Wide variation in the rates of diversification among lineages is a feature of evolution that has fascinated biologists since Darwin1,2. With approximately 2,000 known species, hundreds of which coexist in individual African lakes, cichlid fish are amongst the most striking examples of adaptive radiation, the phenomenon whereby a single lineage diversifies into many ecologically varied species in a short span of time3 (Fig. 1). The largest radiations, which in Lakes Victoria, Malawi and Tanganyika, have generated between 250 (Tanganyika) and 500 (Malawi and Victoria) species per lake, took no more than 15,000 to 100,000 years for Victoria and less than 5 million years for Malawi3,4,5, but 10–12 million years for Lake Tanganyika6. The radiations in Lake Victoria and Malawi thus display the highest sustained rates of speciation known to date in vertebrates7. The evolution of these lineages and their genomes has presumably been shaped by cycles of population expansion, fragmentation and contraction as lineages colonized lakes, diversified, collapsed when lakes dried up, and re-colonized lakes, and by episodic adaptation to a multitude of ecological niches coupled with strong sexual selection. Genetic diversity within lake radiations has been influenced by admixture following multiple colonization events and periodic infusions through hybridization8,9.
Cichlid phenotypic diversity encompasses variation in behaviour, body shape, coloration and ecological specialization.
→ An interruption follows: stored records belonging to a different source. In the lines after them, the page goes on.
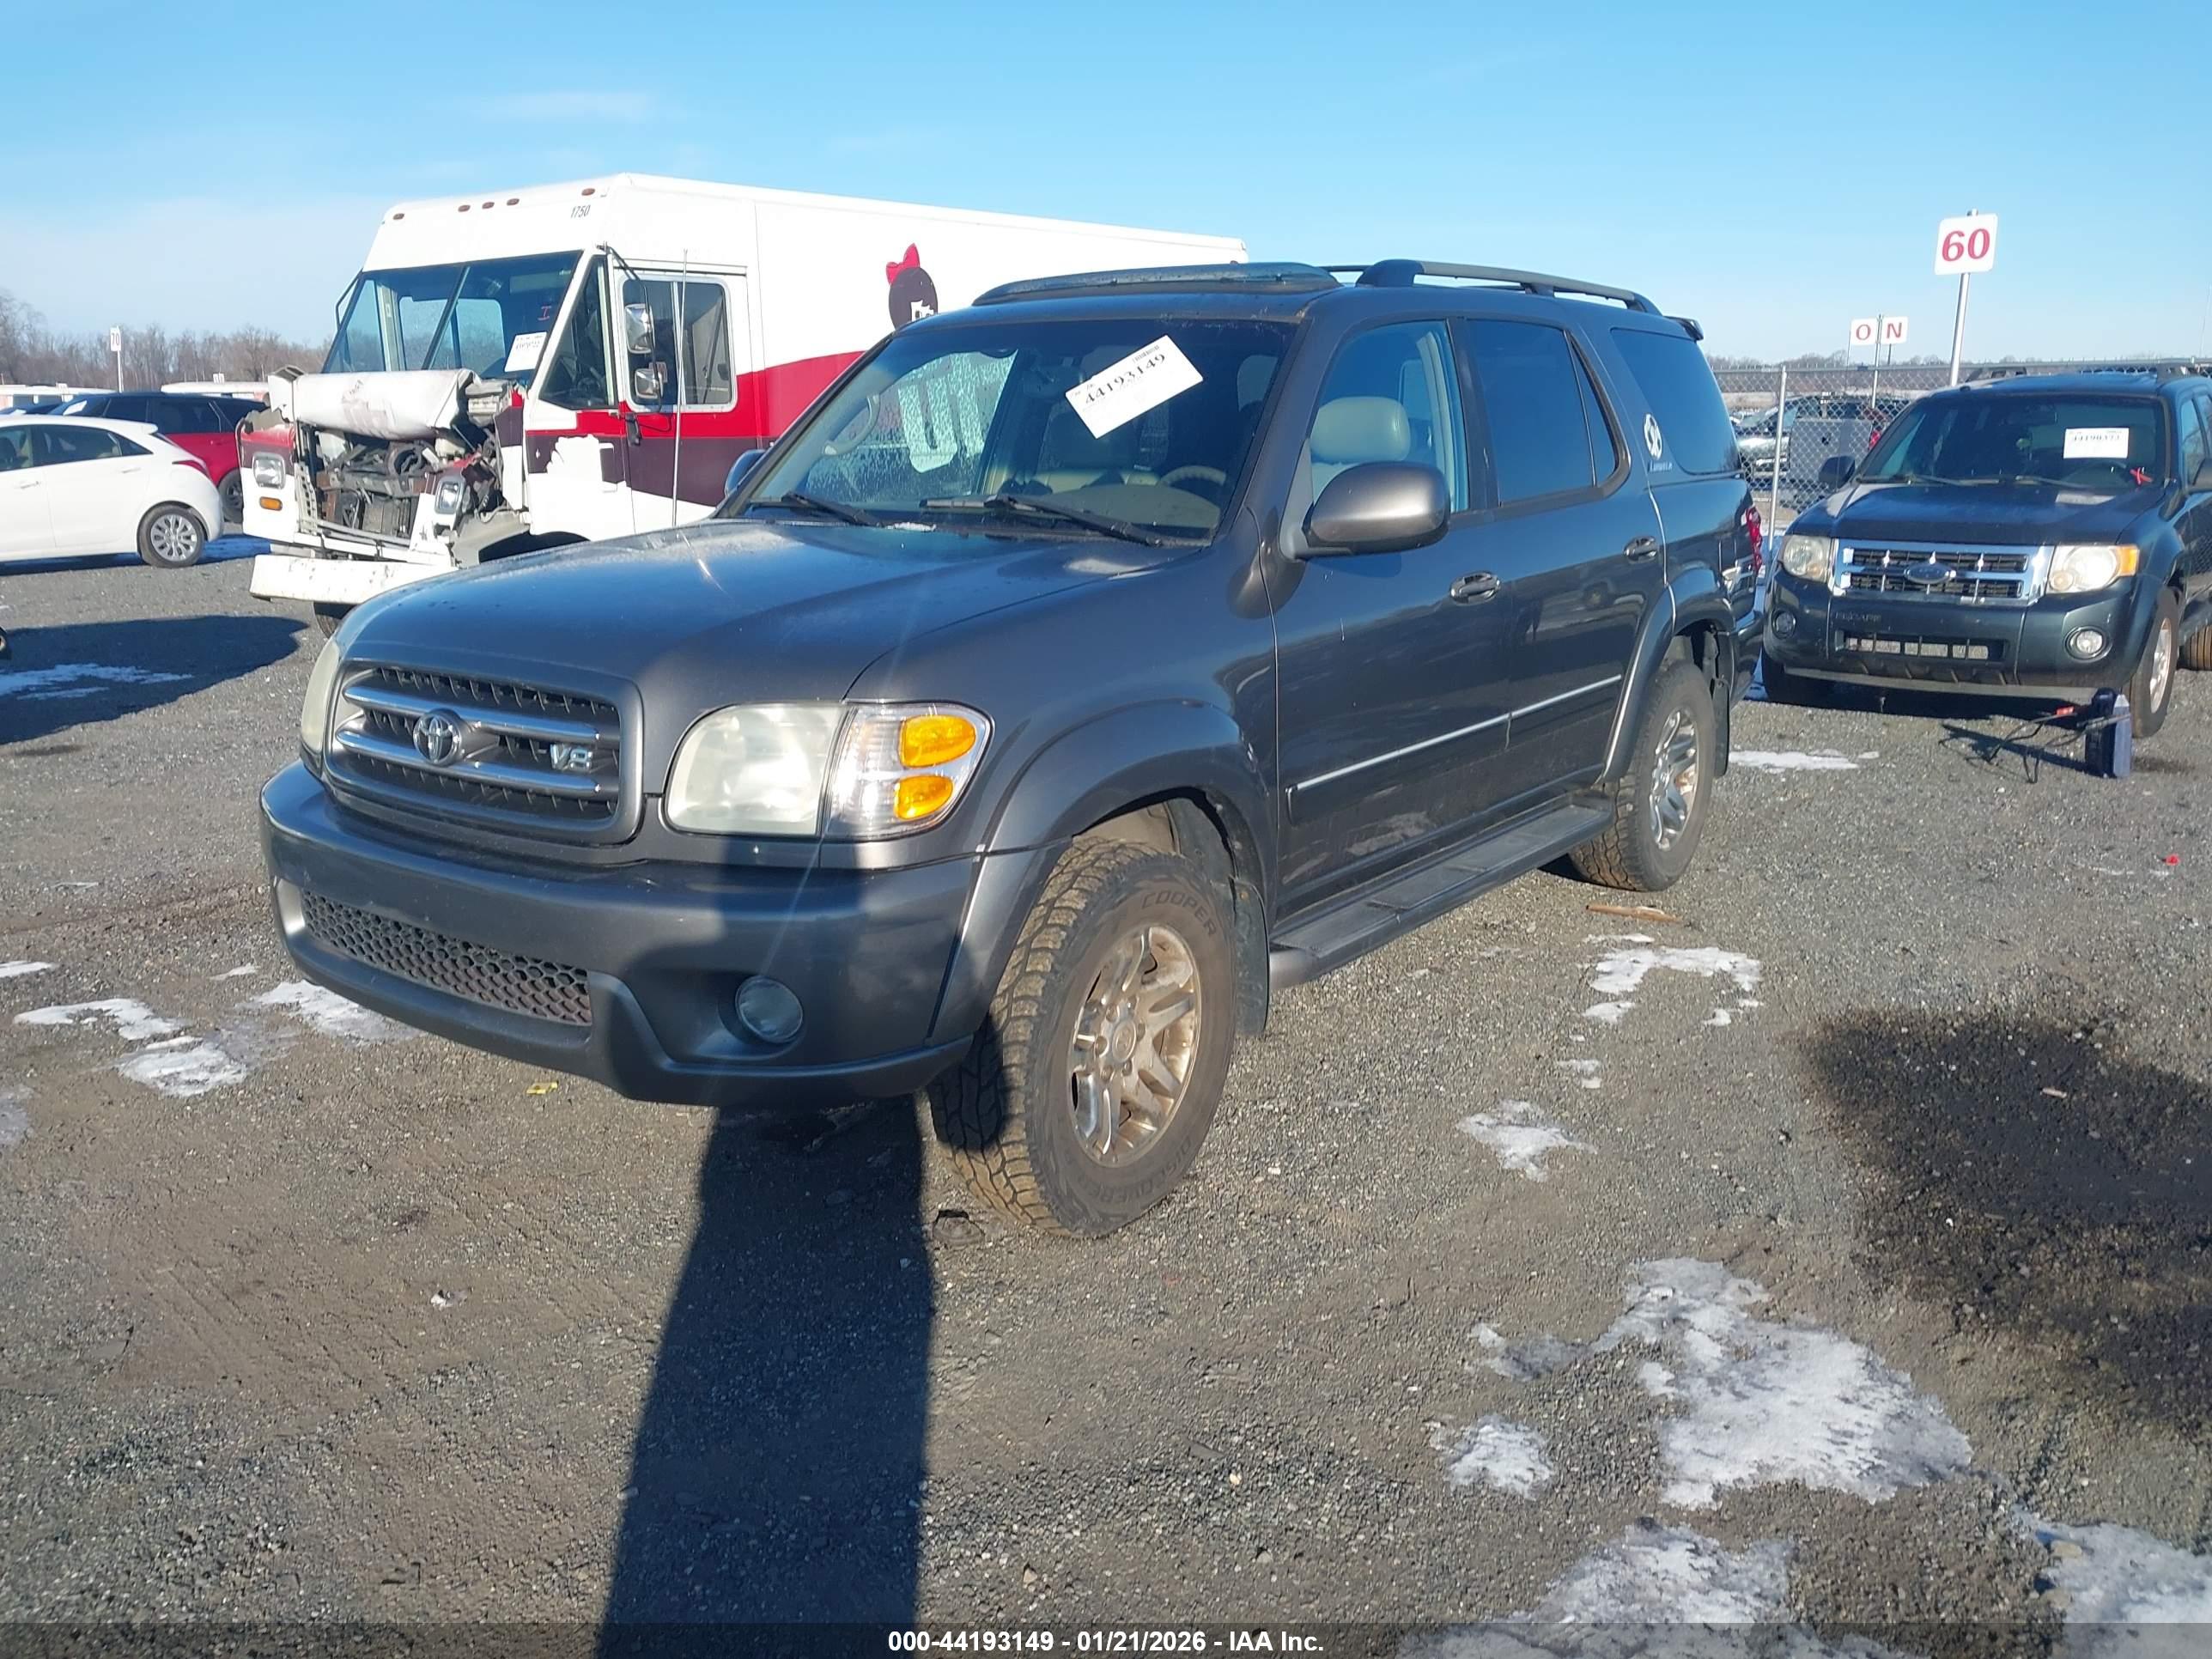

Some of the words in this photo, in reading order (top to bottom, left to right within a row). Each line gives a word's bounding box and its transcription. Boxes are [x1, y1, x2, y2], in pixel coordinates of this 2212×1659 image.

[570, 204, 591, 219] 1750
[1942, 228, 1990, 262] 60
[111, 332, 119, 346] 70
[1856, 324, 1871, 341] O
[1886, 322, 1903, 339] N
[1085, 353, 1165, 404] 44193149
[550, 744, 592, 771] V8
[1141, 890, 1217, 936] COOPER
The frequent occurrence of convergent evolution of similar ecotypes (Fig. 1) suggests a primary role of natural selection in shaping cichlid phenotypic diversity10,11. In addition, the importance of sexual selection is demonstrated by a profusion of exaggerated sexually dimorphic traits like male nuptial colour and elaborate bower building by males3. Ecological and sexual selection converge in the cichlid visual system, where trichromatic colour vision, eight different opsin genes and novel spherical lenses promote sensitivity in the highly dimensional visual world of clear-water lakes12,13,14. Rapidly evolving sex determination systems, often linked to male and female colour patterns, may also speed cichlid diversification15,16. Ecological, social and behavioural variation correlates with striking diversity in brain structures17 that appears early in development18.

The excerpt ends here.